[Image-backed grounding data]
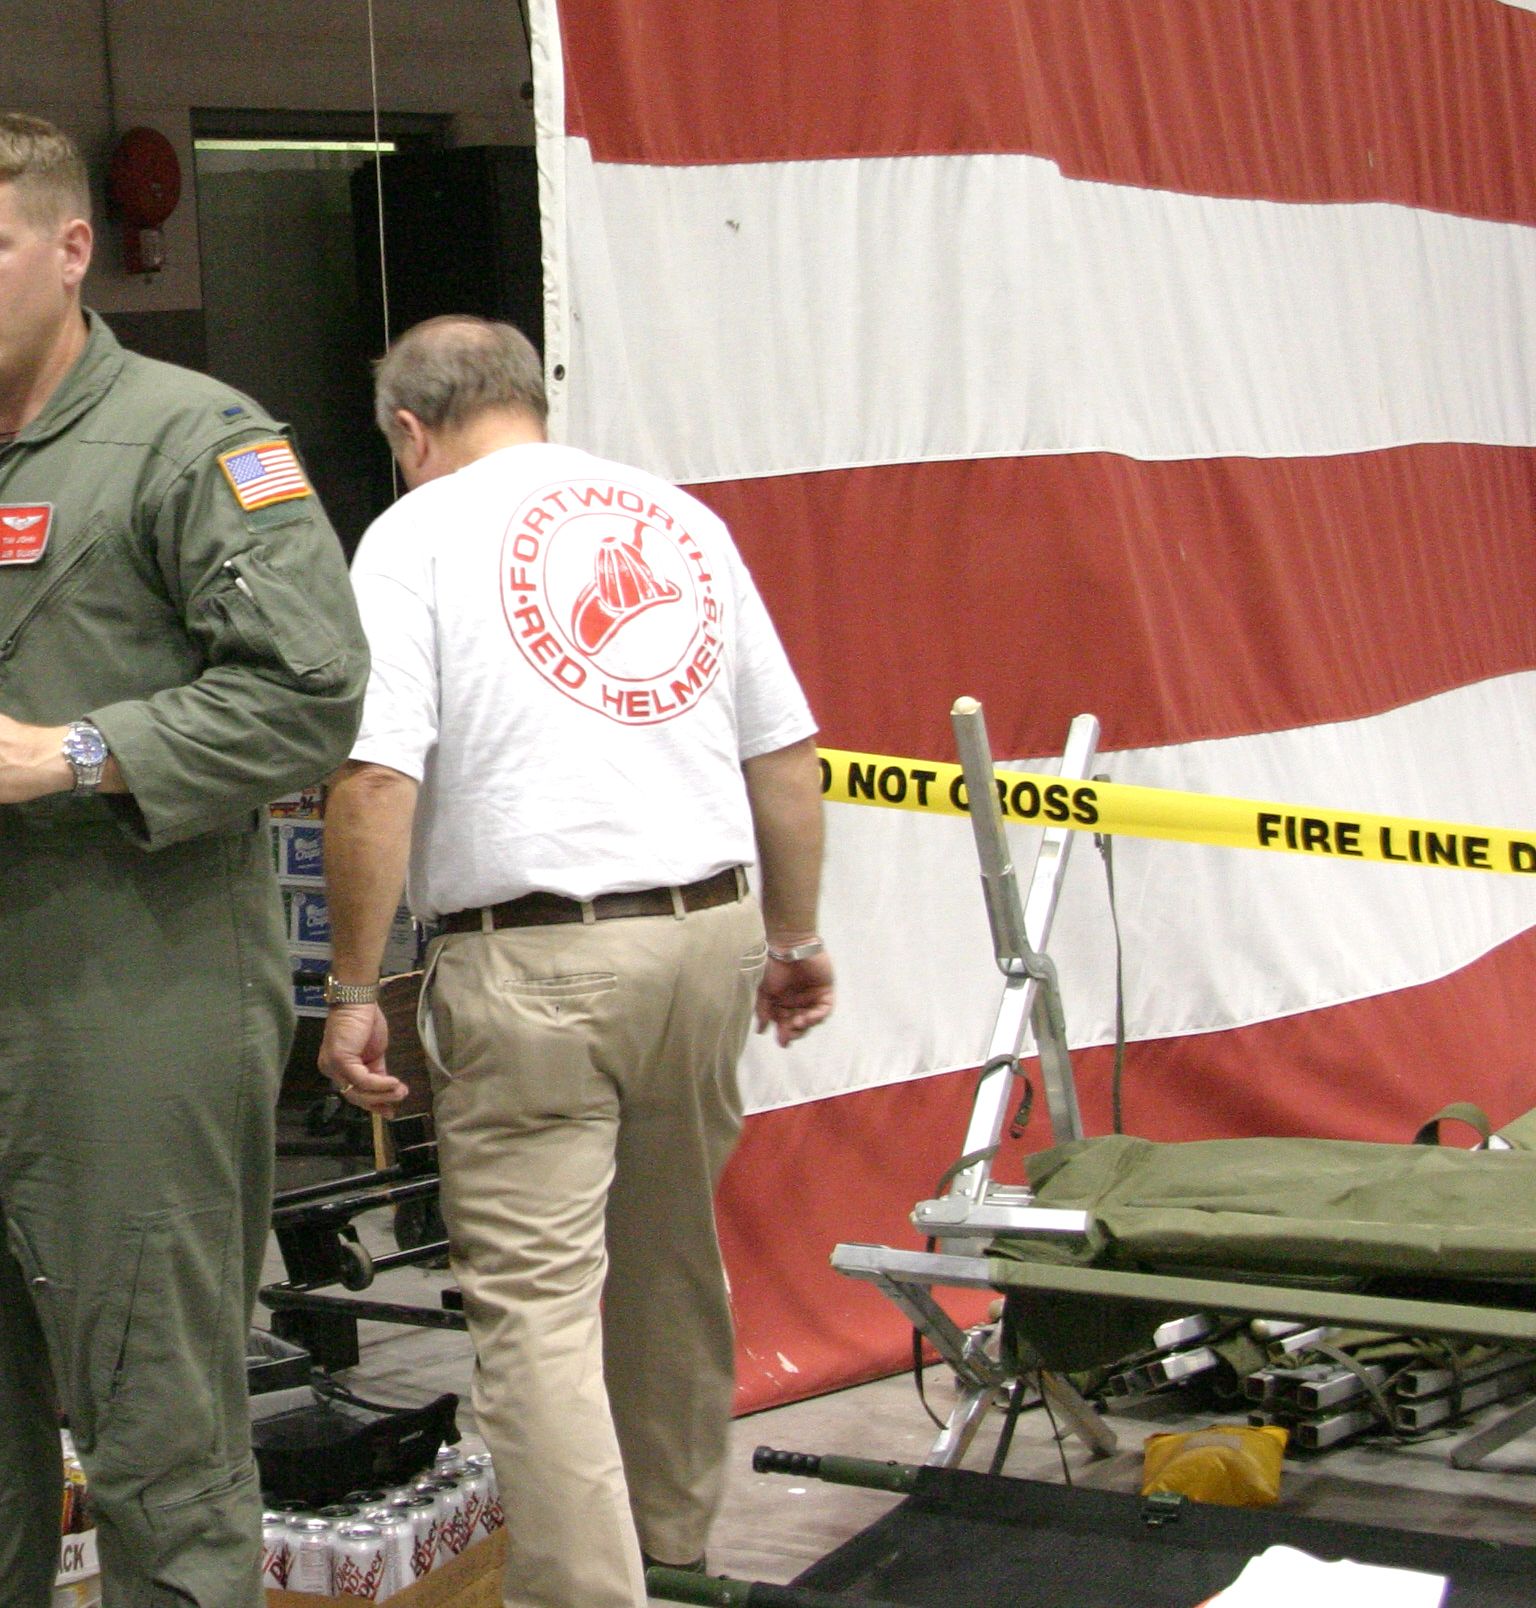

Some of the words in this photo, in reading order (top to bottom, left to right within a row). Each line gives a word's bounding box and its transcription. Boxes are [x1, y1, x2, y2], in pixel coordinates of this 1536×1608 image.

[510, 491, 569, 591] FORT
[568, 486, 713, 582] WORTH
[513, 604, 587, 689] RED
[848, 762, 936, 806] NOT
[1257, 812, 1363, 857] FIRE
[1379, 826, 1493, 870] LINE

§ Directions for this task: The answer should be an exact restatement of every entry, with the pictures omitted.

§ Finished task:
Some of the words in this photo, in reading order (top to bottom, left to right within a row). Each line gives a word's bounding box and its transcription. Boxes are [x1, y1, x2, y2], in pixel coordinates of this 1536×1608 image.

[510, 491, 569, 591] FORT
[568, 486, 713, 582] WORTH
[513, 604, 587, 689] RED
[848, 762, 936, 806] NOT
[1257, 812, 1363, 857] FIRE
[1379, 826, 1493, 870] LINE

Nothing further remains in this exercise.